BRASÍLIA — O Observatório do Clima (OC) protocolou no início da semana três manifestações em cortes do Pará e do Amazonas, cobrando R$ 247,3 milhões de grandes desmatadores da Amazônia pelo dano causado ao clima. É o maior pedido de indenização do gênero já feito no país.
Os réus já estão sendo processados pelo Ibama pelo desmatamento ilegal de cerca de 14 mil hectares de floresta em propriedades rurais nos dois estados entre 2004 e 2017.
Segundo o OC, são desmatadores recorrentes que acumulam multas do órgão ambiental e, no conjunto dos processos, precisam ressarcir a União em cerca de R$ 357 milhões por diversos crimes.
“Agora, além do dano ambiental causado pelo desmatamento e pelas queimadas praticados pelos réus, a União precisa cobrar também pelos gases de efeito estufa emitidos na conversão dessas áreas para pastagem e lavoura”, diz a rede formada por 37 entidades da sociedade civil.
O OC pediu para entrar nos processos como amicus curiae da Advocacia-Geral da União, que representa o Estado brasileiro nos processos. O grupo vai apoiar o governo federal entregando dados complementares para subsidiar os pedidos de indenização feitos pela União em cada uma das ações.
Um cálculo realizado pela equipe do Seeg (Sistema de Estimativas de Emissões de Gases de Efeito Estufa do Observatório do Clima) mostra que o desmatamento, a queima dos resíduos da floresta e o impedimento da regeneração das áreas desmatadas emitiram um total de 10,4 milhões de toneladas de dióxido de carbono equivalente (CO₂e).
O volume equivale ao que é emitido em um ano pela Armênia e supera as emissões da Costa Rica, por exemplo, segundo dados do ClimateWatch.
Ao converter essas emissões em valor monetário, usando como referência o preço pago ao Brasil pelo Fundo Amazônia por reduzir o desmatamento (US$ 5 por tonelada), a equipe do OC chegou ao valor total de R$ 247,3 milhões a ser exigido nas ações.
A única ação desse tipo impetrada no país antes destas, em 2021 pelo Ministério Público Federal do Amazonas em parceria com o Ipam, havia exigido R$ 44 milhões em dano climático.
Desmatamento é principal fonte de GEE no Brasil
O desmatamento é a principal fonte de emissões de gases de efeito estufa do país. Em 2020, último ano para o qual há dados disponíveis, o Seeg estimou que a devastação das florestas, principalmente na Amazônia e no Cerrado, respondeu por 46% das emissões brasileiras.

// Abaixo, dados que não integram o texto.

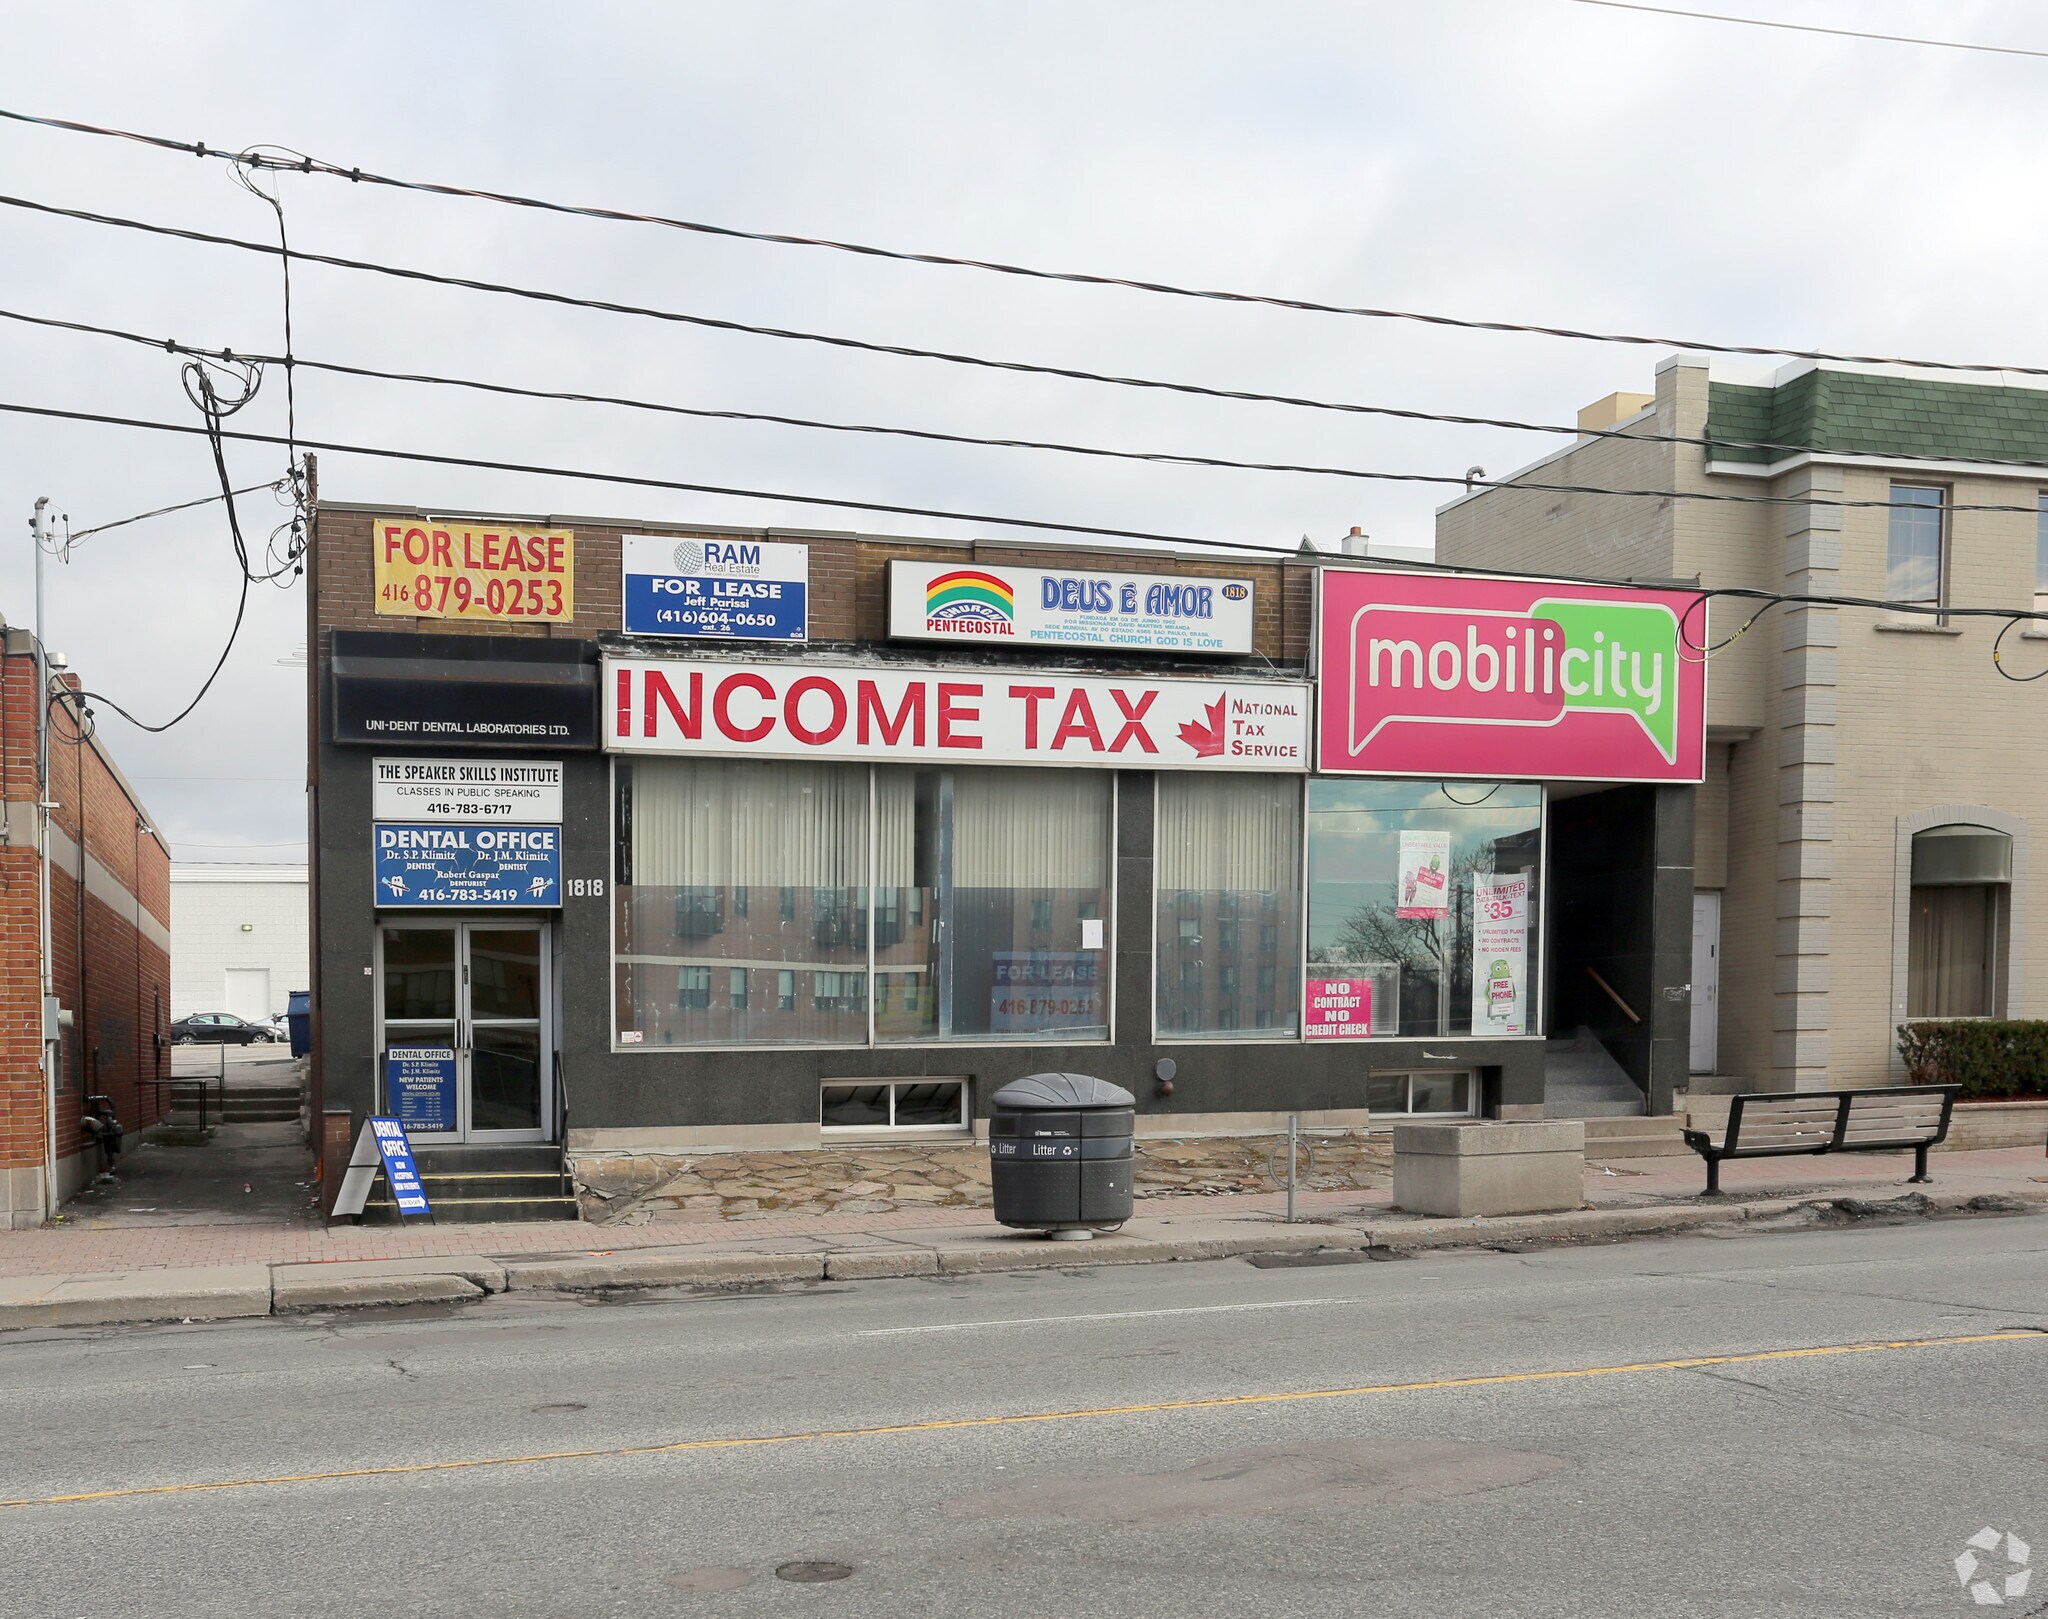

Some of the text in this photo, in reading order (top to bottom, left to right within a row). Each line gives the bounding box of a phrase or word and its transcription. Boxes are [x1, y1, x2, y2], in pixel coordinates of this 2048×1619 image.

[384, 526, 564, 573] FOR LEASE
[704, 542, 760, 565] RAM
[704, 562, 760, 574] Real Estate
[382, 574, 562, 616] 416 879-0253
[652, 578, 782, 598] FOR LEASE
[1224, 586, 1246, 598] 1818
[684, 596, 750, 608] Jeff Parissi
[1041, 576, 1214, 619] DEUS É AMOR
[656, 609, 776, 626] (416)604-0650
[939, 604, 1003, 620] CHURCH
[926, 619, 1014, 635] PENTECOSTAL
[1030, 630, 1223, 648] PENTECOSTAL CHURCH GOD IS LOVE
[1368, 624, 1662, 716] mobilicity
[616, 669, 1160, 754] INCOME TAX
[1232, 698, 1298, 716] NATIONAL
[366, 720, 570, 736] UNI-DENT DENTAL LABORATORIES LTD.
[1232, 720, 1265, 736] TAX
[1232, 740, 1298, 758] SERVICE
[379, 765, 558, 782] THE SPEAKER SKILLS INSTITUTE
[397, 787, 540, 798] CLASSES IN PUBLIC SPEAKING
[427, 804, 512, 815] 416-783-6717
[380, 830, 554, 850] DENTAL OFFICE
[387, 850, 456, 860] Dr. S.P. Klimitz
[477, 850, 548, 862] Dr. J.M. Klimitz
[437, 870, 500, 880] Robert Gaspar
[419, 889, 518, 900] 416-783-5419
[568, 879, 604, 896] 1818
[1476, 882, 1526, 897] UNLIMITED
[1510, 891, 1526, 899] TEXT
[1484, 900, 1513, 920] $35
[996, 965, 1098, 980] FOR LEASE
[1326, 982, 1350, 994] NO
[1494, 980, 1508, 989] FREE
[1314, 996, 1361, 1008] CONTRACT
[1492, 990, 1512, 1000] PHONE
[1325, 1010, 1350, 1022] NO
[1306, 1024, 1368, 1036] CREDIT CHECK
[373, 1121, 404, 1138] DENTAL
[382, 1140, 408, 1156] OFFICE
[1000, 1143, 1016, 1154] Litter
[1033, 1144, 1056, 1156] Litter
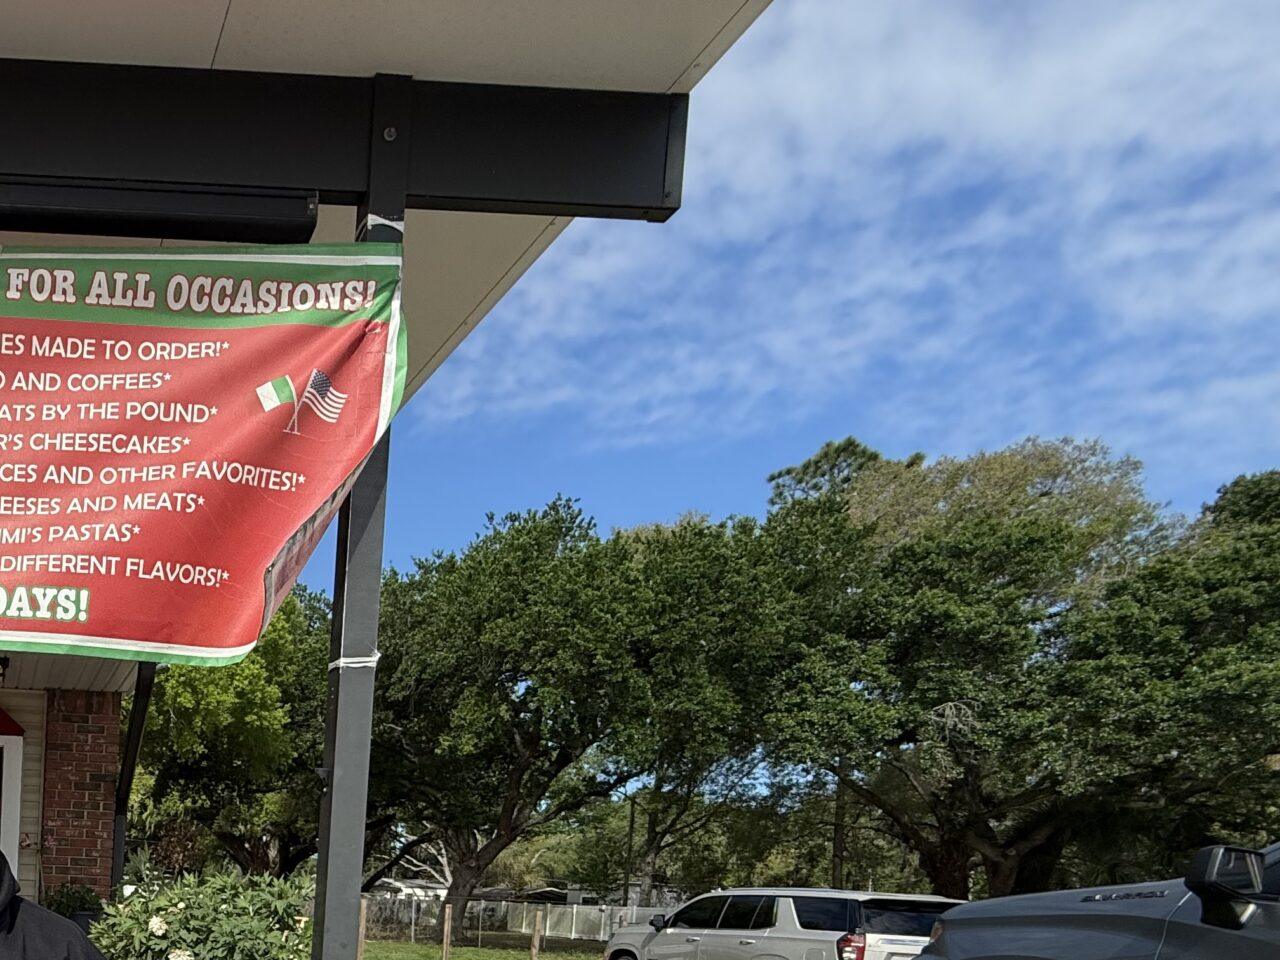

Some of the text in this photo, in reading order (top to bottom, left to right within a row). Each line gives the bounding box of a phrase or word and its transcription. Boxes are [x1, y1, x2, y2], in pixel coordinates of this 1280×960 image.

[7, 267, 76, 302] FOR
[86, 271, 155, 309] ALL
[167, 274, 376, 313] OCCASIONS!
[31, 335, 95, 359] MADE
[103, 340, 131, 360] TO
[12, 371, 61, 391] AND
[41, 404, 71, 420] BY
[77, 402, 118, 420] THE
[43, 465, 93, 485] AND
[99, 465, 176, 485] OTHER
[66, 495, 116, 513] AND
[0, 555, 120, 575] DIFFERENT
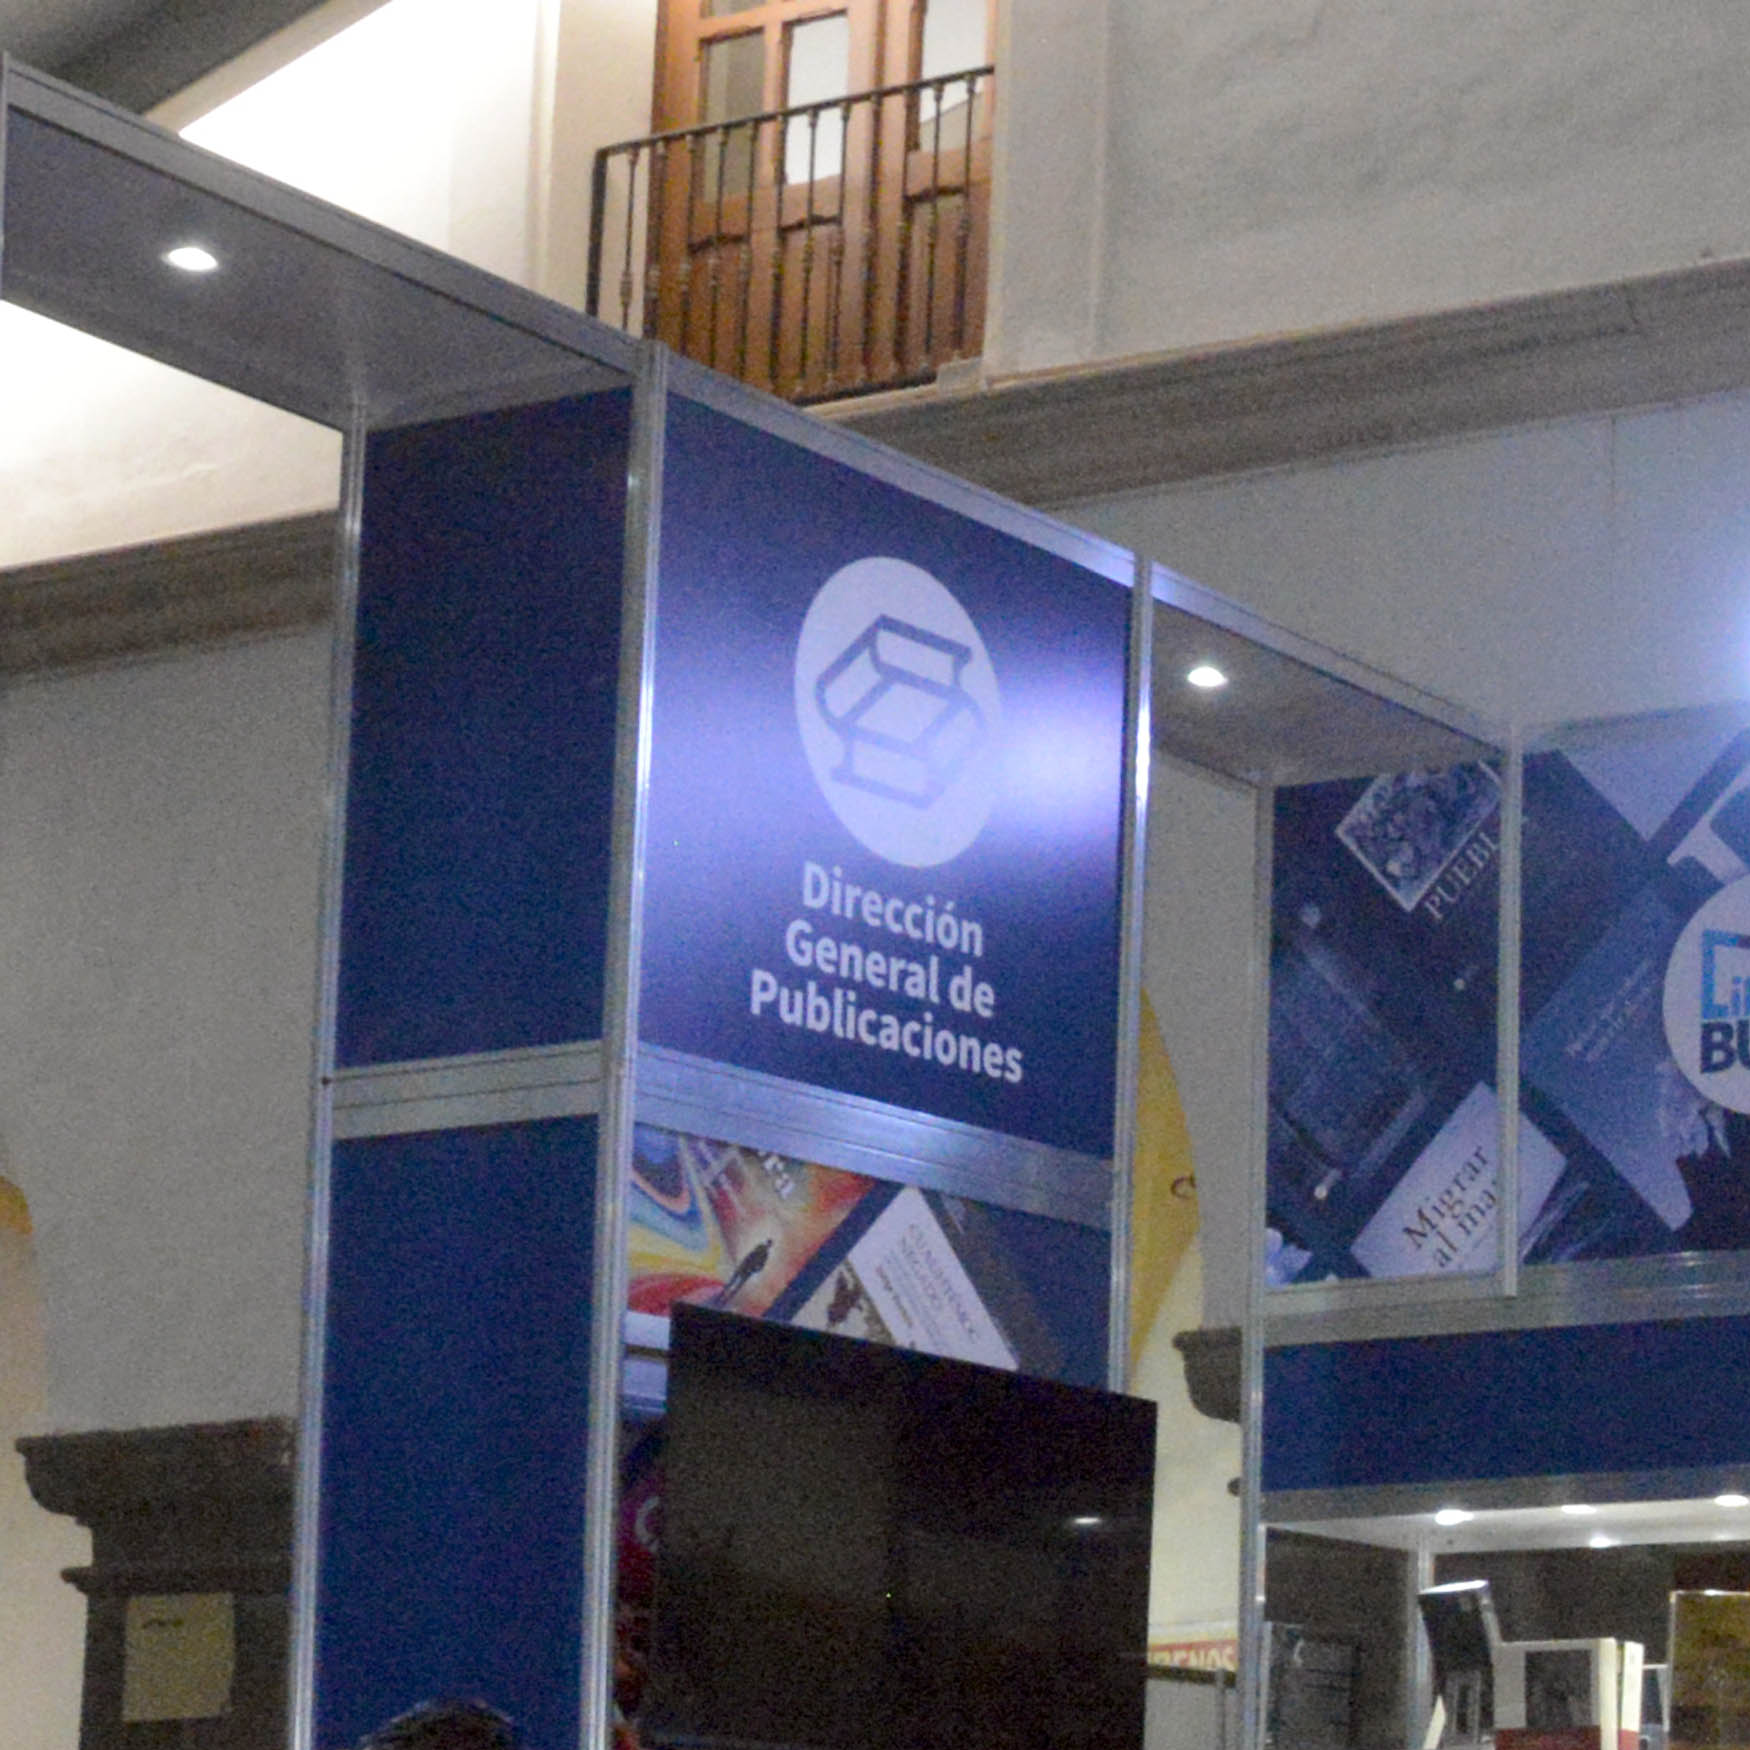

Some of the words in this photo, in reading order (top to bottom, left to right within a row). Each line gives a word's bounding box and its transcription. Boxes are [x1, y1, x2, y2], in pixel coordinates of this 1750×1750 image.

Somente a destruição da Amazônia emite mais que a Espanha e o Reino Unido somados.
Nas petições, o OC argumenta que, ao desmatar ilegalmente a floresta, os réus tornaram-se perpetradores diretos das mudanças do clima, que afetam um número cada vez maior de pessoas, em sua maioria pobres, a exemplo das 129 mortes registradas no fim de maio na Grande Recife.
“O dano ambiental é gênero, do qual o dano climático é espécie. Não se trata, então, apenas de desmatamento; se trata de desmatamento ilegal com a consequência concreta de aumentar a liberação de [gases de efeito estufa] e gerar desequilíbrio ecológico que se perpetuará por gerações”, afirmam as petições.
“Há funcionários do Estado brasileiro que, à revelia do seu presidente, que apoia explicitamente a destruição, buscam fazer a coisa certa e responsabilizar os criminosos que destroem o patrimônio dos brasileiros e põem toda a humanidade em perigo. São esses servidores públicos que nós apoiaremos nos tribunais”, diz Marcio Astrini, secretário-executivo do Observatório do Clima.
Propostas emergenciais para “sucessor de Bolsonaro”
Setenta e três Organizações não Governamentais, em parceria com a sociedade civil apresentaram, em maio, um conjunto de propostas emergenciais para enfrentamento às mudanças climáticas, que devem ser implementadas nos primeiros cem dias de governo para reduzir as emissões de gases do efeito estufa até 2045.
O primeiro conjunto, composto por 62 medidas sugeridas, foi entregue aos principais pré-candidatos ao Planalto, com exceção do atual presidente, Jair Bolsonaro (PL).
A proposta em si é uma forma de protesto, o entendimento é que o governo atual não tem quaisquer compromissos com o tema.
As organizações pedem revogação de decretos e reinstalação de conselhos, além de medidas para retomada da fiscalização e aplicação da lei.
Com essas primeiras ações já seria possível, segundo o texto, atuar em temas emergenciais, como o garimpo em terras indígenas, corte de subsídios à energia fóssil ou ainda desfazer a “pedalada climática” na meta brasileira do Acordo de Paris, a Contribuição Nacionalmente Determinada (NDC, em inglês).